11 Samuel said, "What have you done?" Saul said, "Because I saw that the people were scattered from me, and that you did not come within the days appointed, and that the Philistines assembled themselves together at Michmash;
Samuel, “Ne yaptın?” diye sordu. Saul, “Halk yanımdan dağılıyordu” diye karşılık verdi, “Sen de belirlenen gün gelmedin. Üstelik Filistliler Mikmas'ta toplandılar. Bunları görünce,
12 therefore I said, 'Now the Philistines will come down on me to Gilgal, and I haven't entreated the favor of the LORD.' I forced myself therefore, and offered the burnt offering."
‘Şimdi Filistliler Gilgal'da üzerime yürüyecek; oysa ben RAB'bin yardımını dilememiştim’ diye düşündüm. Bu nedenle, yakmalık sunuyu sunma gerekliliğini duydum.”
13 Samuel said to Saul, "You have done foolishly. You have not kept the commandment of the LORD your God, which he commanded you; for now the LORD would have established your kingdom on Israel forever.
Samuel, “Akılsızca davrandın” dedi, “Tanrın RAB'bin sana verdiği buyruğa uymadın; yoksa, RAB İsrail üzerinde senin krallığının sonsuza dek sürmesini sağlayacaktı.
14 But now your kingdom shall not continue. The LORD has sought for himself a man after his own heart, and the LORD has appointed him to be prince over his people, because you have not kept that which the LORD commanded you."

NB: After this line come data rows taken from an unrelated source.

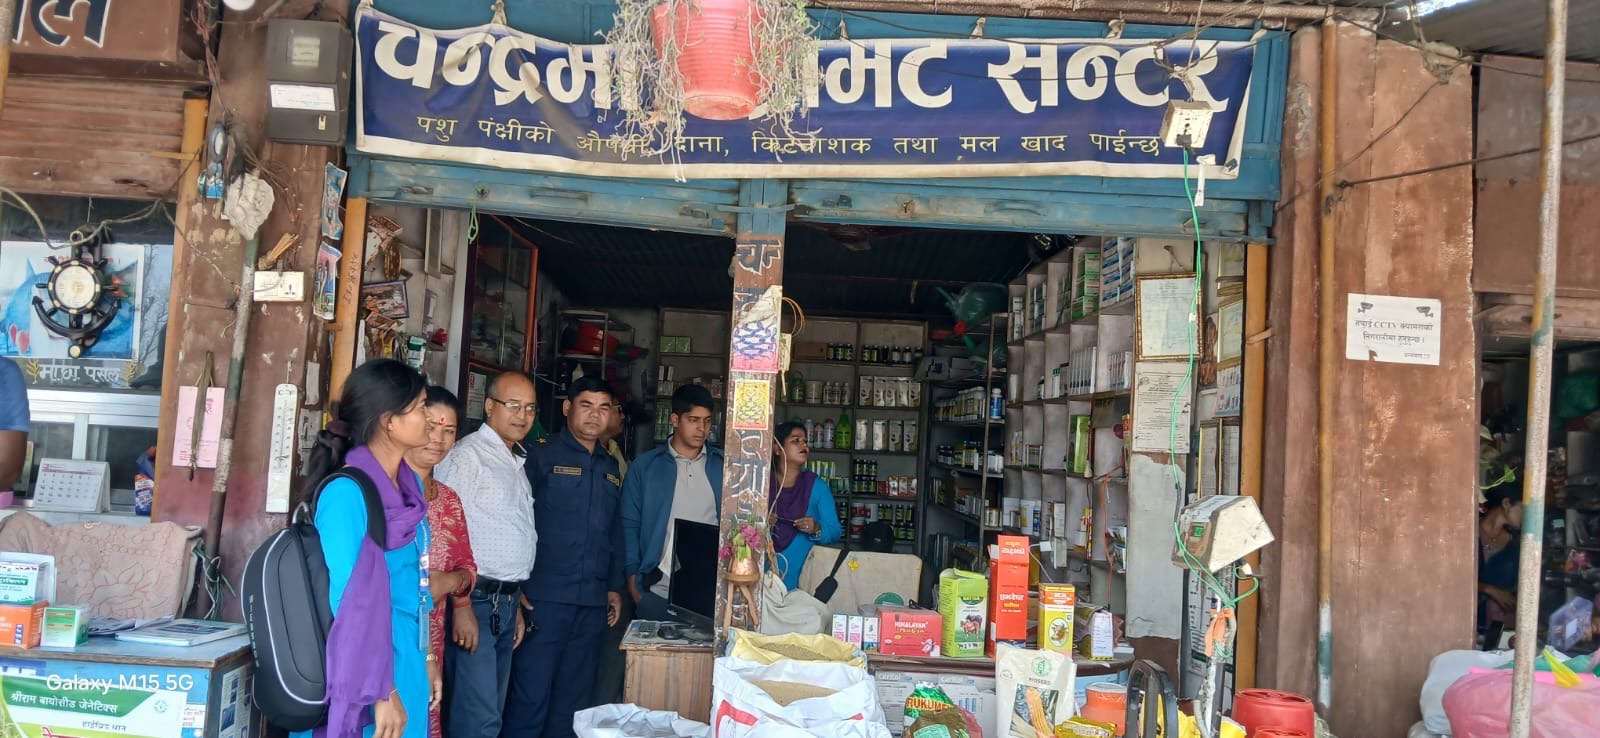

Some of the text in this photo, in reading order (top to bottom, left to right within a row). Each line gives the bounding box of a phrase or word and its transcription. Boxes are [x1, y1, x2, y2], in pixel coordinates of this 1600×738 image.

[416, 116, 458, 142] पशु
[477, 117, 555, 145] पंक्षीको
[893, 137, 938, 154] तथा
[960, 135, 1000, 153] मल
[1021, 134, 1068, 152] खाद
[1374, 321, 1398, 329] CCTV
[83, 366, 120, 383] पसल
[11, 691, 36, 704] श्रीराम
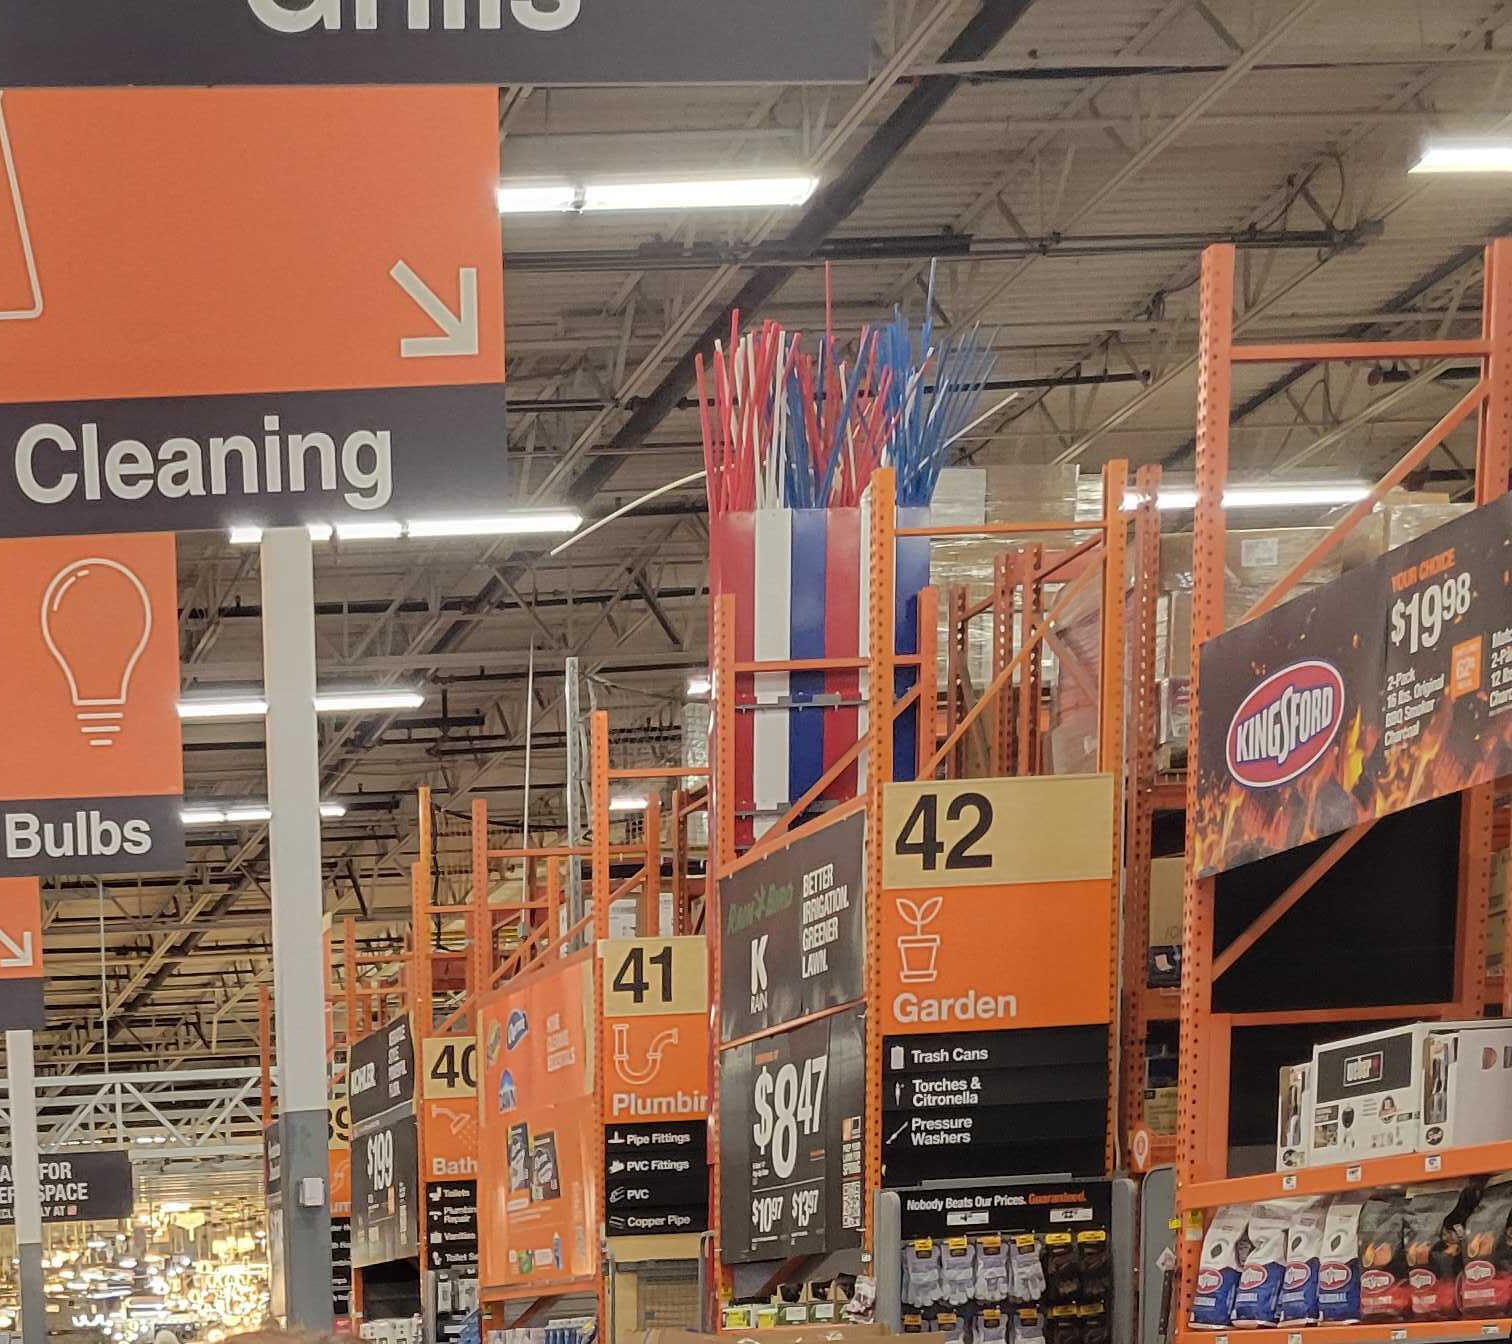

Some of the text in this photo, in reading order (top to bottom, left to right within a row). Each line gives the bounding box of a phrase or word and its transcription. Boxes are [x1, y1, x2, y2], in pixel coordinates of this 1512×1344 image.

[15, 415, 393, 510] Cleaning
[1236, 685, 1334, 766] KINGSFORD
[6, 811, 152, 857] Bulbs
[895, 792, 994, 870] 42
[803, 863, 833, 898] BETTER
[803, 917, 838, 951] GREENER
[751, 934, 769, 994] K
[613, 946, 673, 1003] 41
[894, 990, 1017, 1023] Garden
[911, 1047, 989, 1064] Trash Cans
[912, 1076, 982, 1093] Torches &
[613, 1091, 707, 1116] Plumbin
[912, 1091, 979, 1107] Citronella
[753, 1054, 827, 1179] $847
[911, 1117, 973, 1131] Pressure
[626, 1131, 691, 1148] Pipe Fittings
[911, 1131, 972, 1146] Washers
[39, 1161, 72, 1180] FOR
[432, 1157, 477, 1175] Bath
[626, 1158, 690, 1173] PVC Fittings
[626, 1188, 650, 1200] PVC
[906, 1197, 944, 1212] Nobody
[945, 1196, 973, 1210] Beats
[974, 1195, 992, 1208] Our
[994, 1193, 1027, 1207] Prices.
[627, 1213, 691, 1230] Copper Pipe

Ama artık krallığın sürmeyecek. RAB kendi gönlüne uygun birini arayıp onu kendi halkına önder olarak atamaya kararlı. Çünkü sen RAB'bin buyruğunu tutmadın.”
15 And Samuel arose and departed from Gilgal, and the rest of the people went up after Saul to meet him after the men of war, when they had come up from Gilgal to Gibeah of Benjamin. And Saul numbered the people who were present with him, about six hundred men.

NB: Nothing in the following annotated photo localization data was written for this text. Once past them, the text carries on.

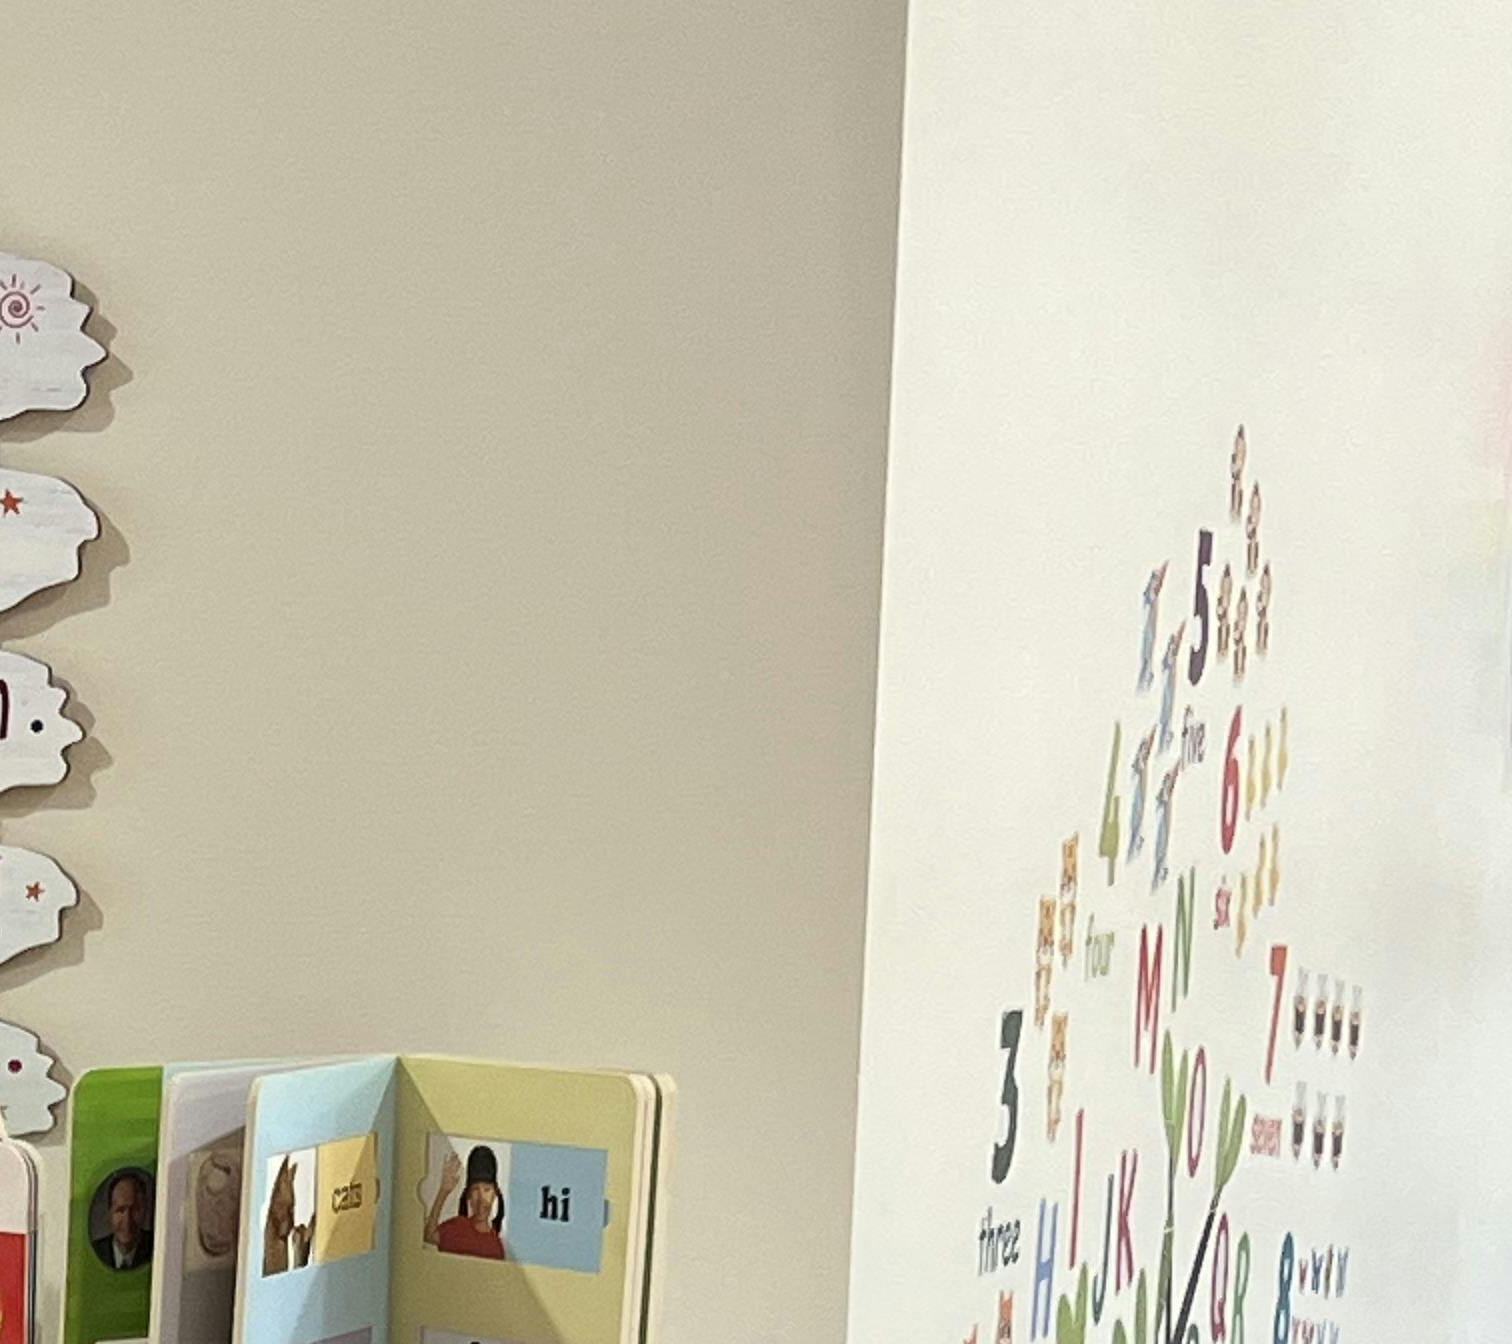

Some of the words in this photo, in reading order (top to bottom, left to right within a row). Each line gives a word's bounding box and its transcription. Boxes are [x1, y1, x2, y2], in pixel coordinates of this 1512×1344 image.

[1189, 528, 1213, 686] 5
[1222, 705, 1242, 855] 6
[1135, 923, 1162, 1075] M
[1172, 866, 1195, 1012] N
[1269, 944, 1288, 1084] 7
[991, 1009, 1023, 1184] 3
[539, 1184, 571, 1222] hi
[979, 1207, 1021, 1276] three
[1031, 1198, 1058, 1342] H
[1093, 1174, 1114, 1326] J
[1116, 1149, 1138, 1295] K
[1210, 1213, 1229, 1344] Q

Bundan sonra Samuel Gilgal'dan ayrılarak Benyaminoğulları'nın Giva Kenti'ne gitti. Saul yanında kalan halkı saydı; yaklaşık altı yüz kişiydi.
16 Saul, and Jonathan his son, and the people who were present with them, stayed in Geba of Benjamin: but the Philistines camped in Michmash.
Saul, oğlu Yonatan ve yanlarındaki halk Benyaminoğulları'nın bölgesindeki Giva'da kalıyorlardı. Filistliler ise Mikmas'ta ordugah kurmuşlardı.
17 The spoilers came out of the camp of the Philistines in three companies: one company turned to the way that leads to Ophrah, to the land of Shual;
Akıncılar üç koldan Filistliler'in ordugahından çıktılar. Kollardan biri Şual bölgesindeki Ofra'ya,
18 and another company turned the way to Beth Horon; and another company turned toward the border that overlooks the valley of Zeboim.
biri Beythoron'a, öbürü ise çöle, Sevoyim Vadisi'ne bakan sınıra doğru ilerledi.
19 Now there was no blacksmith found throughout all the land of Israel; for the Philistines had said, "Otherwise the Hebrews will make swords or spears."
Bütün İsrail ülkesinde bir tek demirci yoktu. Filistliler, “İbraniler kılıç, mızrak yapmasın” demişlerdi.
20 But all Israel would go down to the Philistines, each to sharpen his plowshare, mattock, axe, and sickle;
Bu nedenle bütün İsrailliler saban demirlerini, kazma, balta ve oraklarını biletmek için Filistliler'e gitmek zorundaydılar.
21 and the charge was one payim for the plowshares and for the mattocks, and three shekels for picks and axes and to set the goads.
Saban demiriyle kazmanın bileme fiyatı, şekelin üçte ikisi kadardı. Beller, baltalar, üvendireler için istenilen fiyat ise şekelin üçte biriydi.
22 So on the day of the battle of Michmash there was neither sword nor spear found in the hand of any of the people who were with Saul and Jonathan; but Saul and his son Jonathan had them.
İşte bu yüzden, savaş sırasında Saul ile Yonatan dışında, yanlarındaki hiç kimsenin elinde kılıç, mızrak yoktu.
23 The garrison of the Philistines went out to the pass of Michmash.
O sırada Filistliler'in bir kolu Mikmas Geçidi'ne çıkmıştı.